[What is required] Leaving out the images, reproduce every line of the data that follows exactly.

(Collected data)
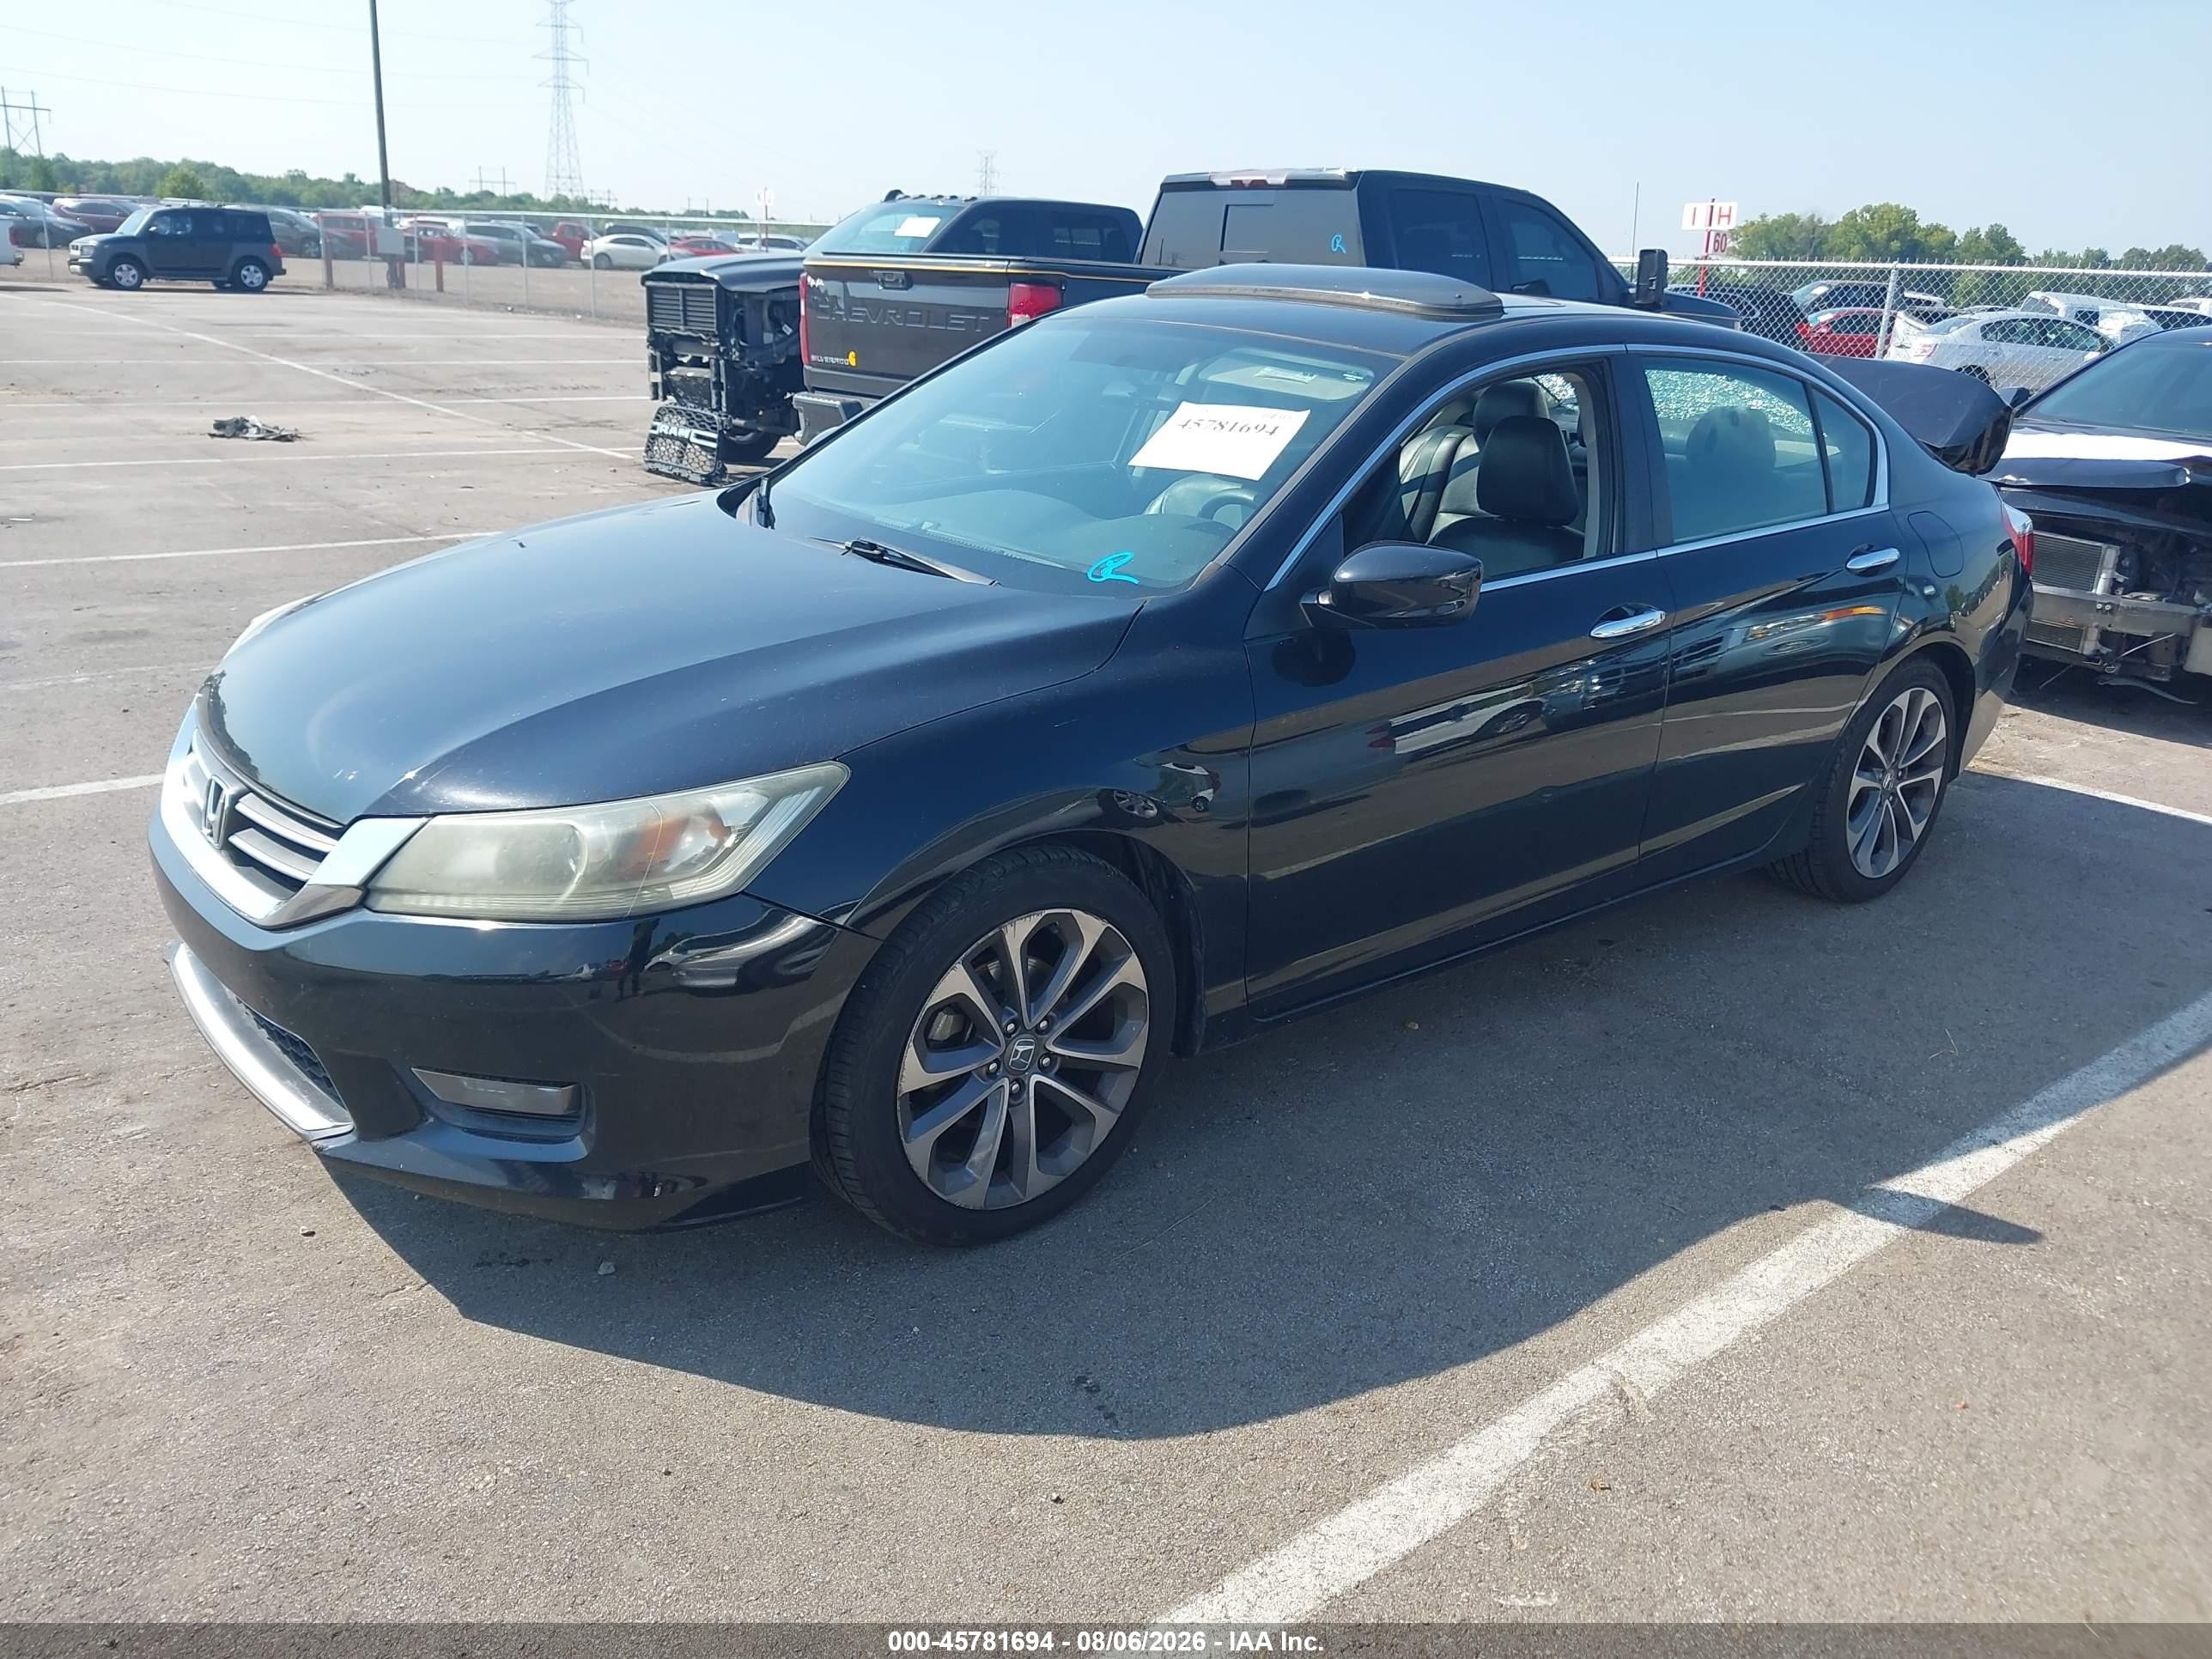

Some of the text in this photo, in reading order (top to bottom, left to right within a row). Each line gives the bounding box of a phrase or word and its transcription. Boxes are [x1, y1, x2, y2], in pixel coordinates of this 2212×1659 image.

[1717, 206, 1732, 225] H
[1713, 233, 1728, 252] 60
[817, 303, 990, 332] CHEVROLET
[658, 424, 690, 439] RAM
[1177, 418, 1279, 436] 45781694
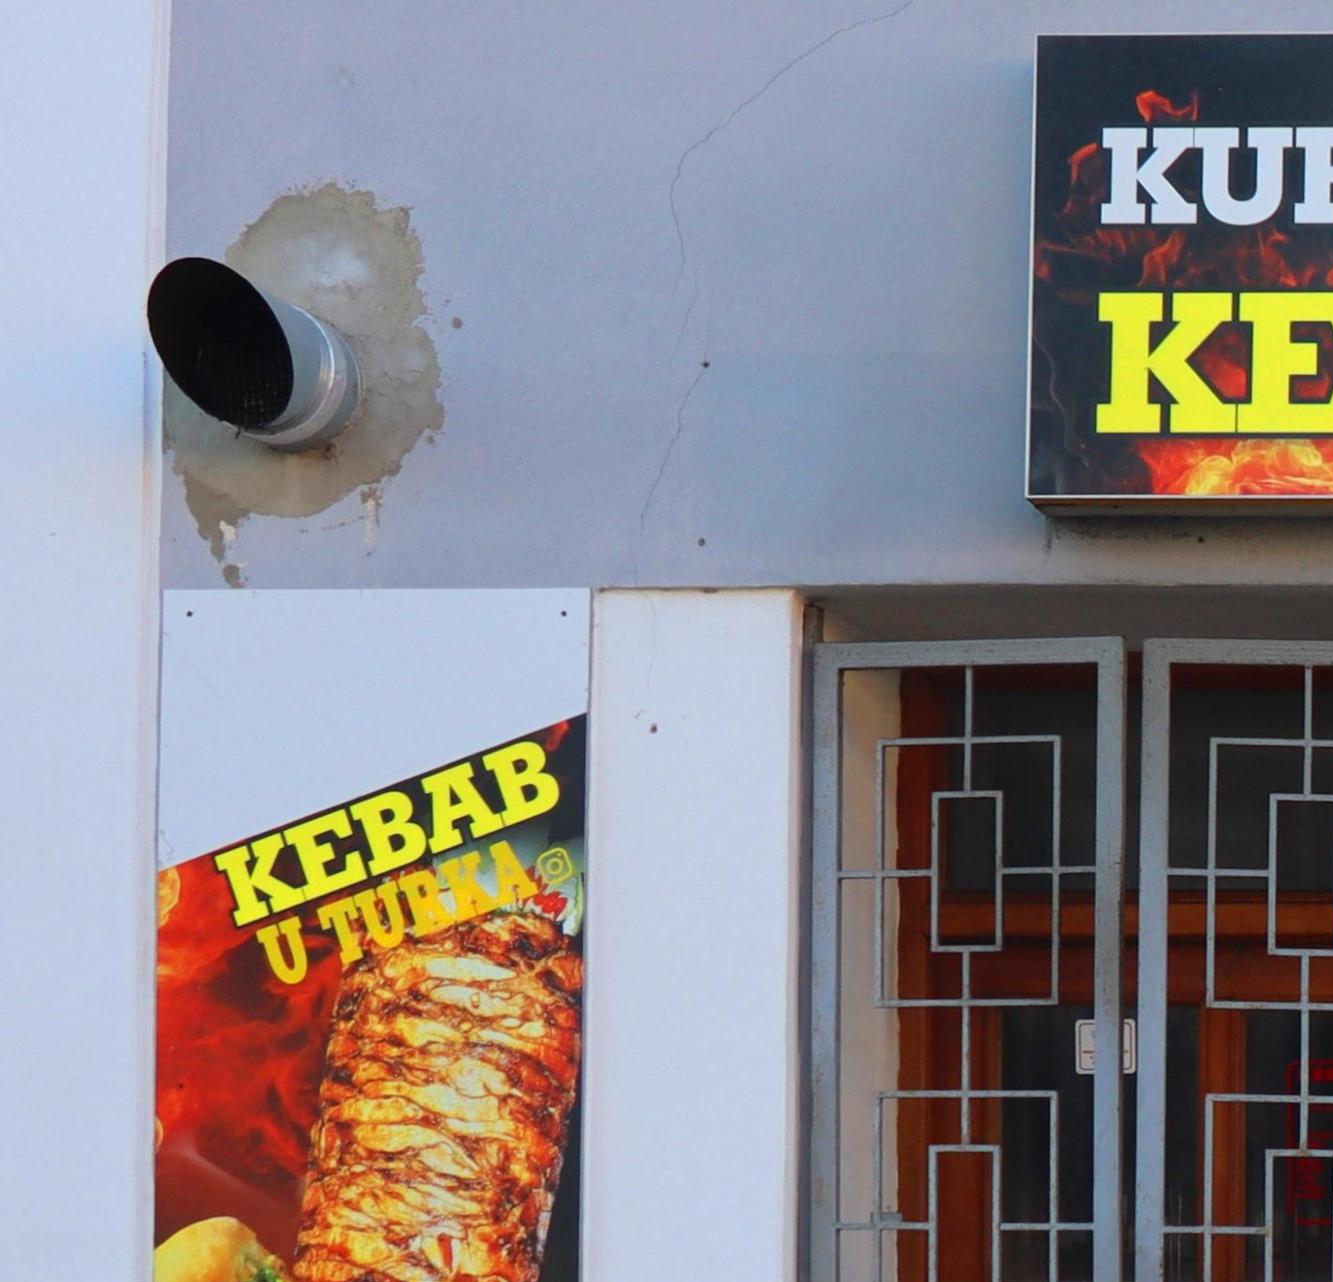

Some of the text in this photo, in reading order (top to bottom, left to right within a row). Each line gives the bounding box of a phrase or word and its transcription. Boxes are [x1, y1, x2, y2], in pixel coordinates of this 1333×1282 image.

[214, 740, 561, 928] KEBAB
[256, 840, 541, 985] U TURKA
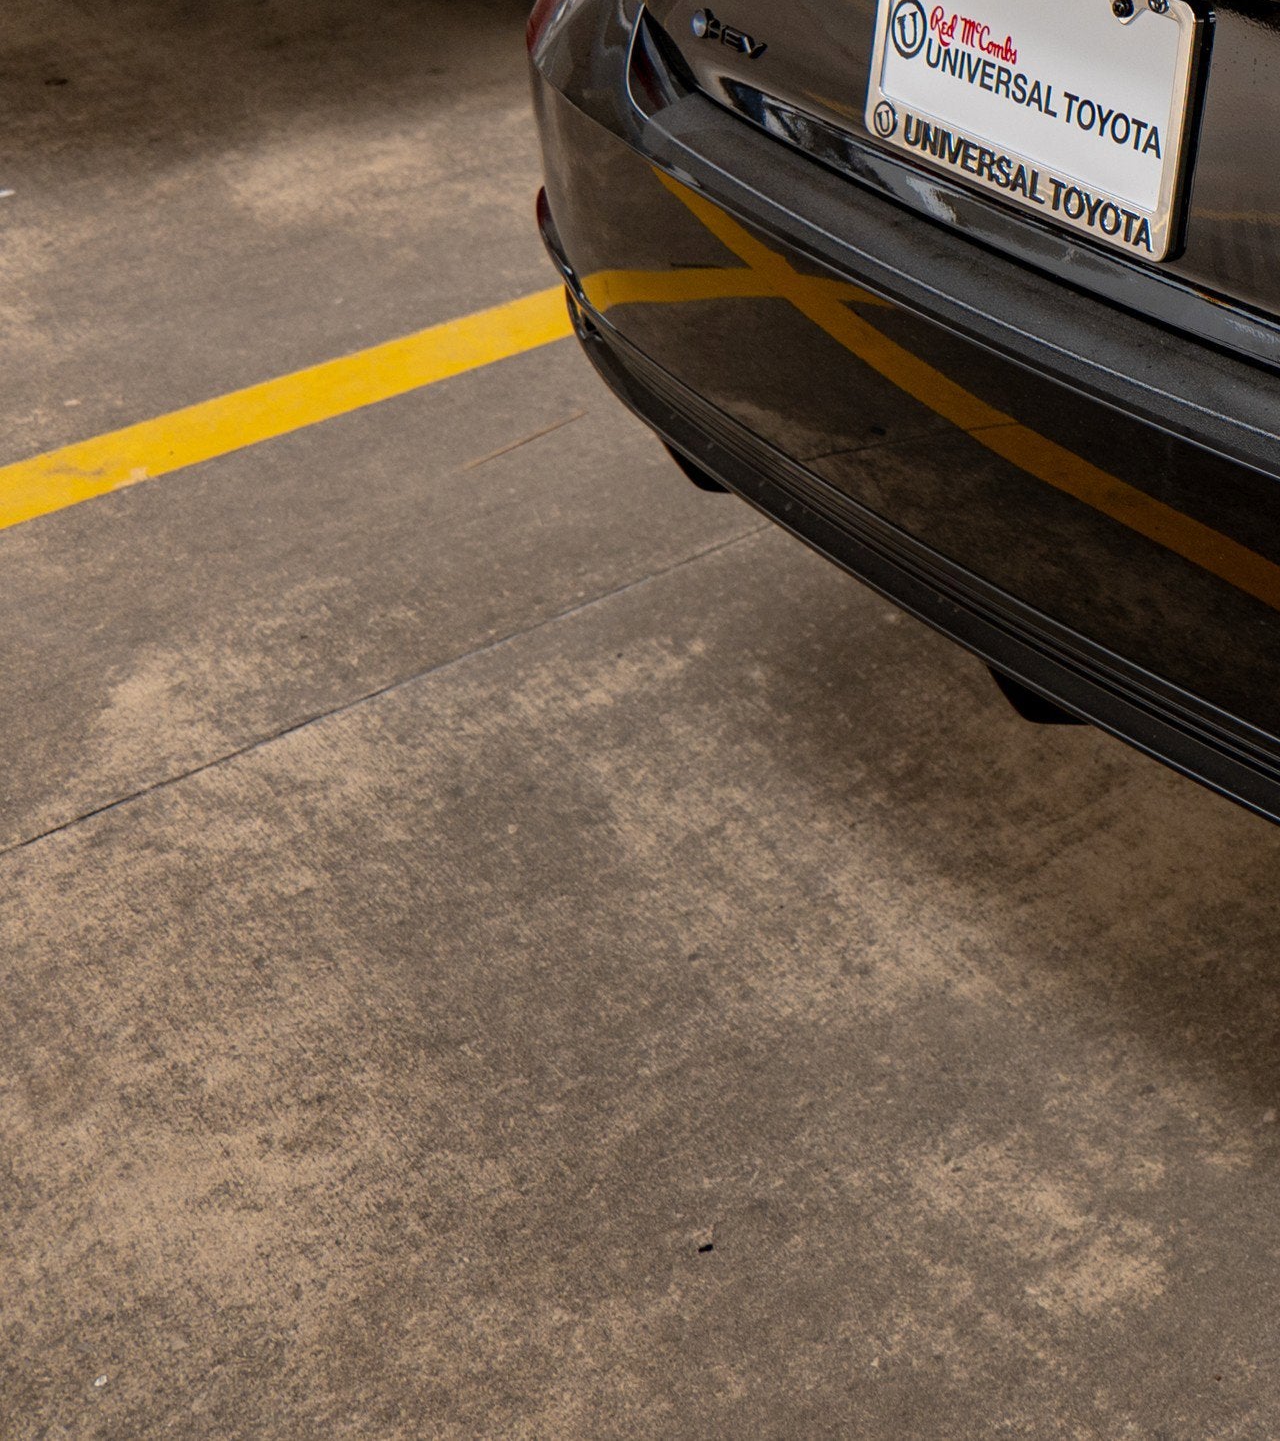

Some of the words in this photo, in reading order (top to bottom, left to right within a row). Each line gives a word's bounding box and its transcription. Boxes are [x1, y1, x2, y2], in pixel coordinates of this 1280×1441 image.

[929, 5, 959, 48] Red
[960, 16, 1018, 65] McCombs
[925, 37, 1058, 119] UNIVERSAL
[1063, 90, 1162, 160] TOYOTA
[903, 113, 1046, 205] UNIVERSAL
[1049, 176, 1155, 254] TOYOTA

[Exercise output]
Some of the text in this photo, in reading order (top to bottom, left to right within a row). Each line gives the bounding box of a phrase or word and its transcription. Boxes are [x1, y1, x2, y2], in pixel coordinates of this 2212×1659 image.

[1717, 206, 1732, 225] H
[1713, 233, 1728, 252] 60
[817, 303, 990, 332] CHEVROLET
[658, 424, 690, 439] RAM
[1177, 418, 1279, 436] 45781694

Some of the text in this photo, in reading order (top to bottom, left to right within a row). Each line gives the bounding box of a phrase or word and its transcription. Boxes are [x1, y1, x2, y2], in pixel coordinates of this 1333×1282 image.

[214, 740, 561, 928] KEBAB
[256, 840, 541, 985] U TURKA

Some of the words in this photo, in reading order (top to bottom, left to right within a row). Each line gives a word's bounding box and its transcription. Boxes are [x1, y1, x2, y2], in pixel coordinates of this 1280×1441 image.

[929, 5, 959, 48] Red
[960, 16, 1018, 65] McCombs
[925, 37, 1058, 119] UNIVERSAL
[1063, 90, 1162, 160] TOYOTA
[903, 113, 1046, 205] UNIVERSAL
[1049, 176, 1155, 254] TOYOTA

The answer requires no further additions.